Abstract:
Background: Change of severe malaria treatment policy from quinine to artesunate, a
major malaria control advance in Africa, is compromised by scarce data to monitor
policy translation into practice. In Kenya, hospital surveys were implemented to monitor
health systems readiness and inpatient malaria case-management.
Methods: All 47 county referral hospitals were surveyed in February and October 2016.

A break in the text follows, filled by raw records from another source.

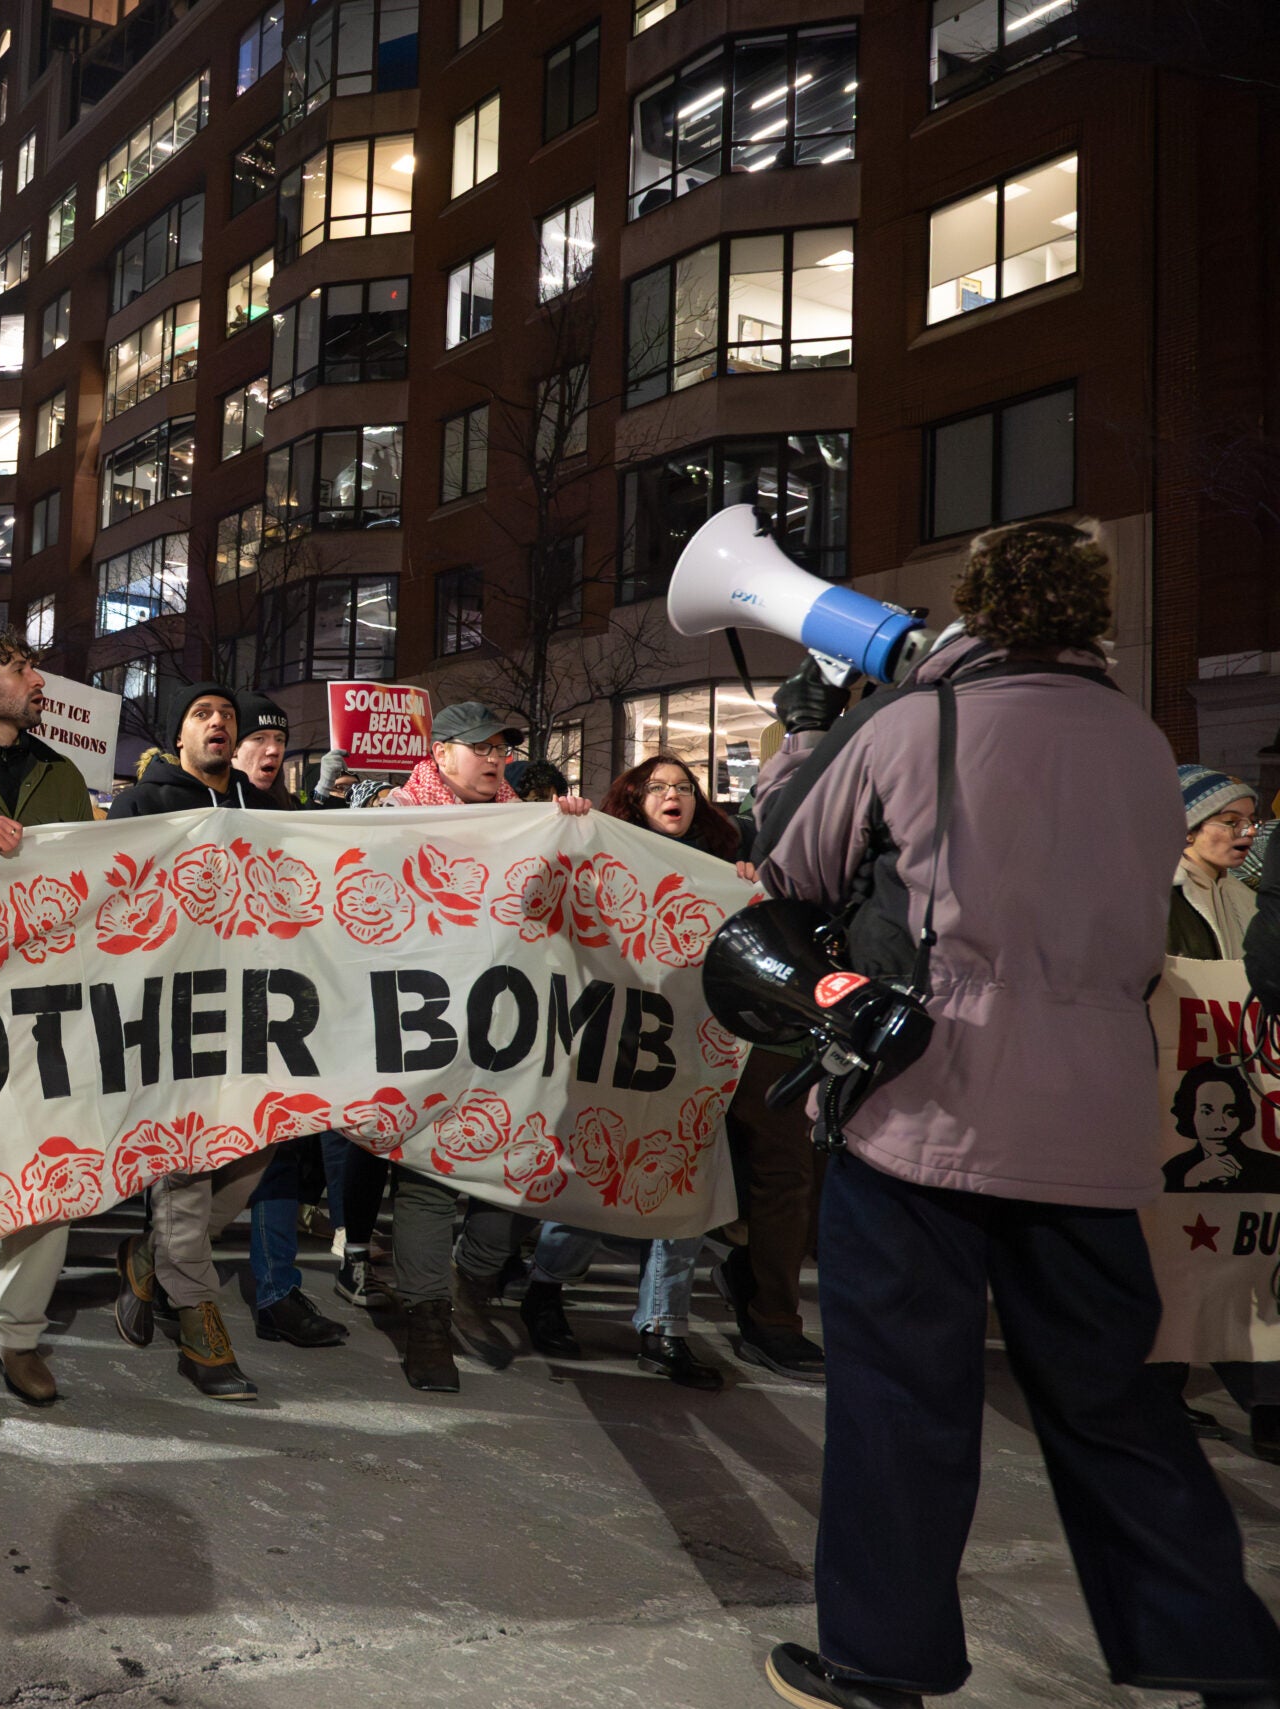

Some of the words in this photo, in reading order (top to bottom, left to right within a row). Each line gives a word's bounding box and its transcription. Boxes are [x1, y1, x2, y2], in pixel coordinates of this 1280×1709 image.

[40, 697, 66, 716] ELT
[68, 705, 91, 724] ICE
[344, 690, 425, 716] SOCIALISM
[258, 714, 277, 726] MAX
[369, 713, 411, 733] BEATS
[49, 725, 107, 755] PRISONS
[351, 732, 427, 757] FASCISM!
[762, 957, 796, 981] PYLE
[370, 964, 677, 1093] BOMB

Data collection included hospital assessments, interviews with inpatient health workers
and retrospective review of patients' admission files. Analysis included 185 and 182
health workers, and 1162 and 1224 patients admitted with suspected malaria,
respectively, in all 47 hospitals. Cluster-adjusted comparisons of the performance
indicators with exploratory stratifications were performed.

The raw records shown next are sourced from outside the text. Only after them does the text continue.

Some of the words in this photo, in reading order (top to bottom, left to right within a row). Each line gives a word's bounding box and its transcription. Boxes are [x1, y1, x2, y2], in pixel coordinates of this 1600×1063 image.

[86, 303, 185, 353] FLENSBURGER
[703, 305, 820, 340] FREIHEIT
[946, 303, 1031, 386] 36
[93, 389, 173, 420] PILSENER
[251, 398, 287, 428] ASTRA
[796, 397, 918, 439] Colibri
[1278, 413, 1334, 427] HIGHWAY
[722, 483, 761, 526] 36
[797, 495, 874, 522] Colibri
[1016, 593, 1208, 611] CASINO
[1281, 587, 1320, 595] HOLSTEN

Results: Malaria microscopy was universal during both surveys. Artesunate availability
increased (63.8-85.1%), while retrospective stock-outs declined (46.8-19.2%). No
significant changes were observed in the coverage of artesunate trained (42.2% vs
40.7%) and supervised health workers (8.7% vs 12.8%). The knowledge about treatment
policy improved (73.5-85.7%; p = 0.002) while correct artesunate dosing knowledge
increased for patients < 20 kg (42.7-64.6%; p < 0.001) and > 20 kg (70.3-80.8%; p =
0.052). Most patients were tested on admission (88.6% vs 92.1%; p = 0.080) while
repeated malaria testing was low (5.2% vs 8.1%; p = 0.034). Artesunate treatment for
confirmed severe malaria patients significantly increased (69.9-78.7%; p = 0.030). No
changes were observed in artemether-lumefantrine treatment for non-severe test positive
patients (8.0% vs 8.8%; p = 0.796). Among test negative patients, increased adherence to
test results was observed for non-severe (68.6-78.0%; p = 0.063) but not for severe
patients (59.1-62.1%; p = 0.673). Overall quality of malaria case-management improved
(48.6-56.3%; p = 0.004), both for children (54.1-61.5%; p = 0.019) and adults (43.0-
51.0%; p = 0.041), and in both high (51.1-58.1%; p = 0.024) and low malaria risk areas
(47.5-56.0%; p = 0.029).
Conclusion: Most health systems and malaria case-management indicators improved
during 2016. Gaps, often specific to different inpatient populations and risk areas,
however remain and further programmatic interventions including close monitoring is
needed to optimize policy translation.